Businessman Denis O'Brien's telecommunications group Digicel has convinced holders of $1.89 billion of bonds that are due to mature in 2020 to postpone their scheduled repayment by two years, following months of negotiations in a debt restructuring.
That represents almost 95 per cent of the group’s 2020 bonds, the group said on Wednesday.
Digicel, which has a $6.7 billion debt pile, said in August that it was looking for bondholders owed $2 billion in October 2020 to swap them for similar notes due in 2022 and carrying the same interest rate, or coupon, of 8.25 per cent.
At the same time, it offered holders of $1 billion of notes due in 2022 to swap their investments for 2024 bonds, carrying the same coupon of 7.125 per cent. The plan was determined by debt ratings agency Moody’s to be a “distressed” exchange offer.
Following months of negotiations with representatives for a group of bondholders and Digicel extending the deadline for investors to take up the offer, the group, which operates in 31 countries across the Caribbean and Asia Pacific regions, improved the terms of its proposal earlier this month.
The new terms involve holders of the 2020 notes being offered up to $1 billion of higher-ranked senior secured notes, as well as senior notes. These, too, carry a higher ranking than the original bonds.
The deadline for the offer to be taken up was just before midnight on Tuesday, New York time. Digicel has extended the deadline for late take-up of the offer until Friday night.
Higher coupon
In addition, Digicel offered holders of the 2022 bonds a higher, 9.125 per cent coupon on new senior bonds. However, two percentage points of the annual interest on these notes will be rolled up until the final maturity date. Bondholders holding the 2022 securities have until Friday to sign up to this offer.

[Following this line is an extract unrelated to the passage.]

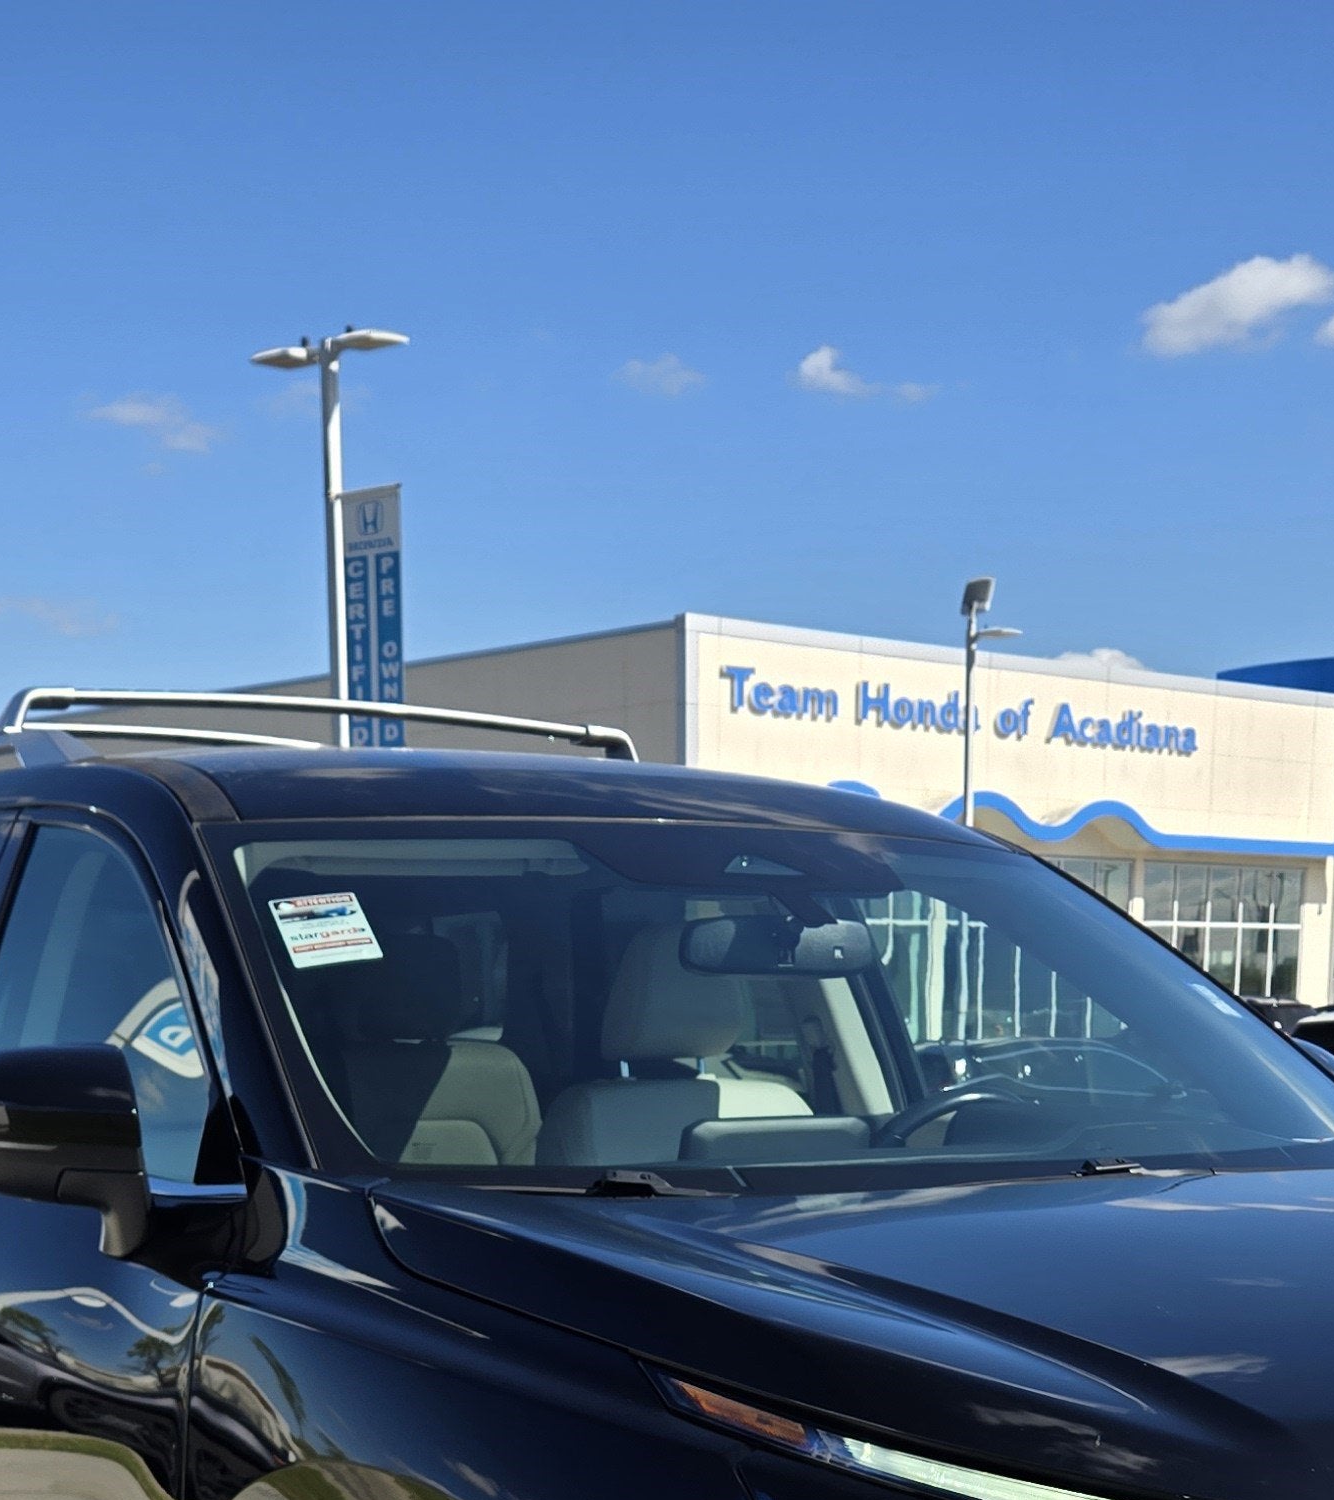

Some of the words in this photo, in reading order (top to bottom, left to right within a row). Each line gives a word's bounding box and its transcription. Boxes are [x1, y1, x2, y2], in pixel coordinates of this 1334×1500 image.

The Irish Times reported last month that Digicel had indicated to creditors that it may not meet its debt-burden target for its current financial year to the end of next March, as its planned sale of unwanted assets drags on.
The company had previously forecast that it would cut its debt to 5.7 times earnings before interest, tax, depreciation and amortisation (ebitda) at its fiscal year-end from 6.7 times last March. The guidance was premised on Digicel raising up to $500 million on asset sales and increasing its full-year ebitda by about 10 per cent on the year to $1.1 billion.
However, sources said Digicel executives signalled on a call with analysts on November 29th that there may be a delay in delivering the asset-sales proceeds.
The company raised nearly $84 million on a sale-and-leaseback deal on 451 Jamaican mobile phone towers during the period. It is also set to generate $55 million on a similar sale involving a portfolio of south Pacific towers by the end of the year.